Belgian brothers Jean-Pierre and Luc Dardenne have been making documentaries for over two decades. La Promesse is part of their successful move toward a more narrative style. This is the first film the brothers have directed that has garnished much attention from American audiences.

Father and 15-year old son, Roger (Olivier Gourmet) and Igor (Jeremie Renier), manage a corrupt business arranging housing and work for illegal immigrants in Belgium.  Although any indications concerning Igor’s mother remain unspoken and unclarified, the profundity of that absence becomes the motivating force for the final denouement.

The film is inspired by dialogue from Dostoyevsky’s The Brothers Karamazov.

                        “How can you be guiltier than anyone in the eyes of all?
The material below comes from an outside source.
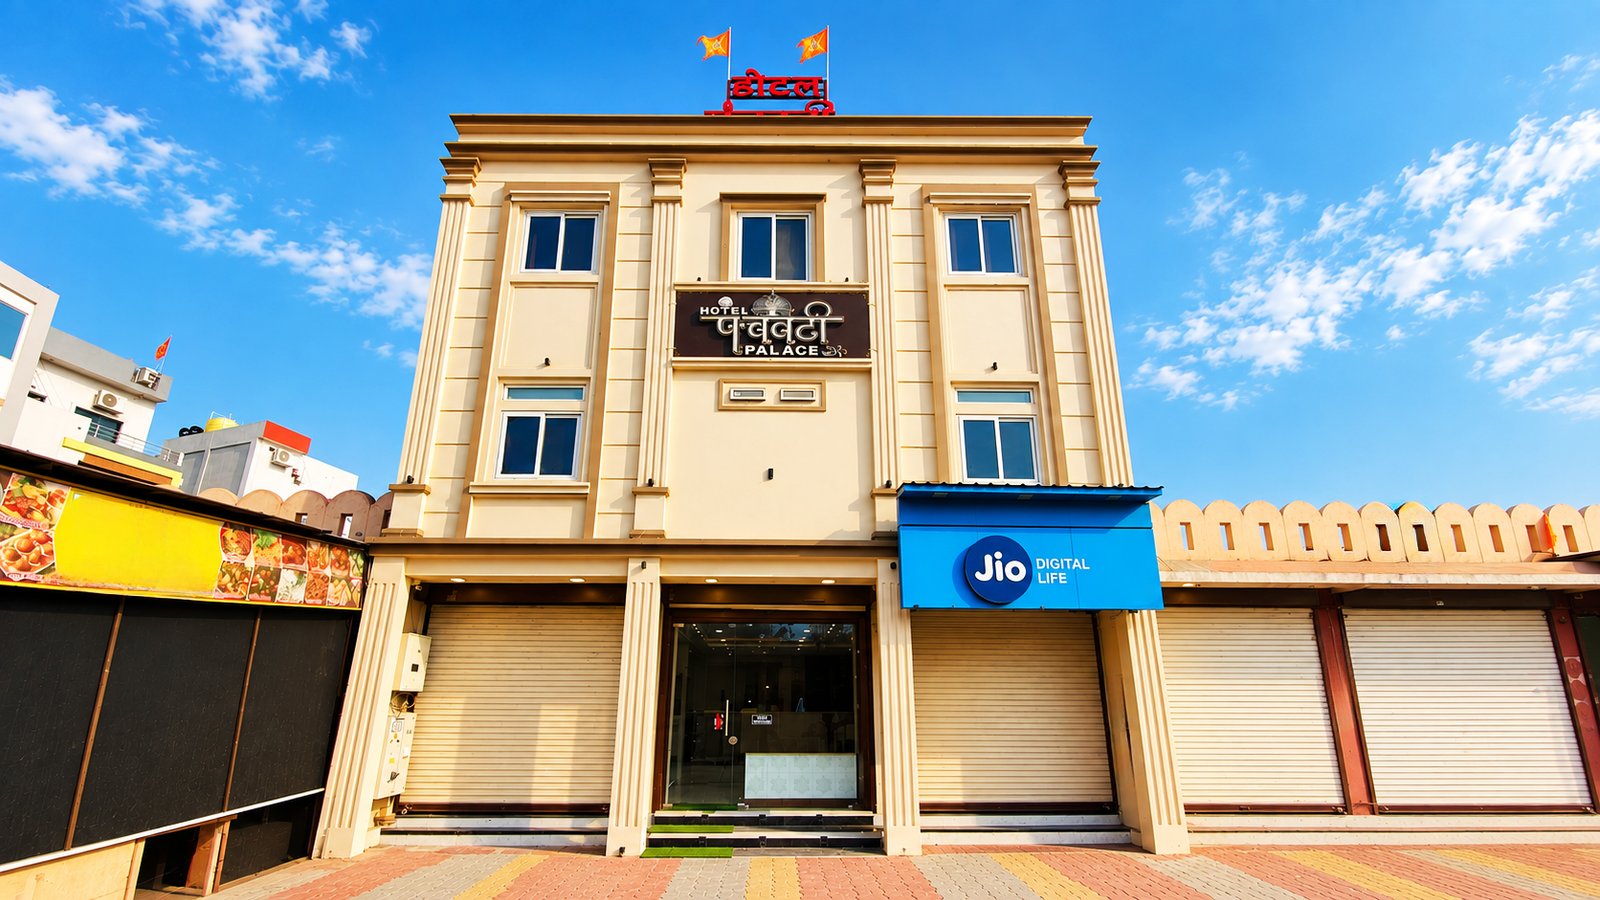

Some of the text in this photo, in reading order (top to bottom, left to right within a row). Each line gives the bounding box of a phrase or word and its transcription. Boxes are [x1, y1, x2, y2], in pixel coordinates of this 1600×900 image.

There are
murderers and brigands. What crimes have you committed to blame yourself more than everyone else?”

“My dear mother, my deepest love, know that everyone is guilty in everyone's eyes. I do not know how to explain it to you, but I feel that is so, and it torments me.”

True to the spirit of existentialism, the films ends on an ambiguous note as a mother and son (though biologically unrelated to one another) walk away towards the unknown.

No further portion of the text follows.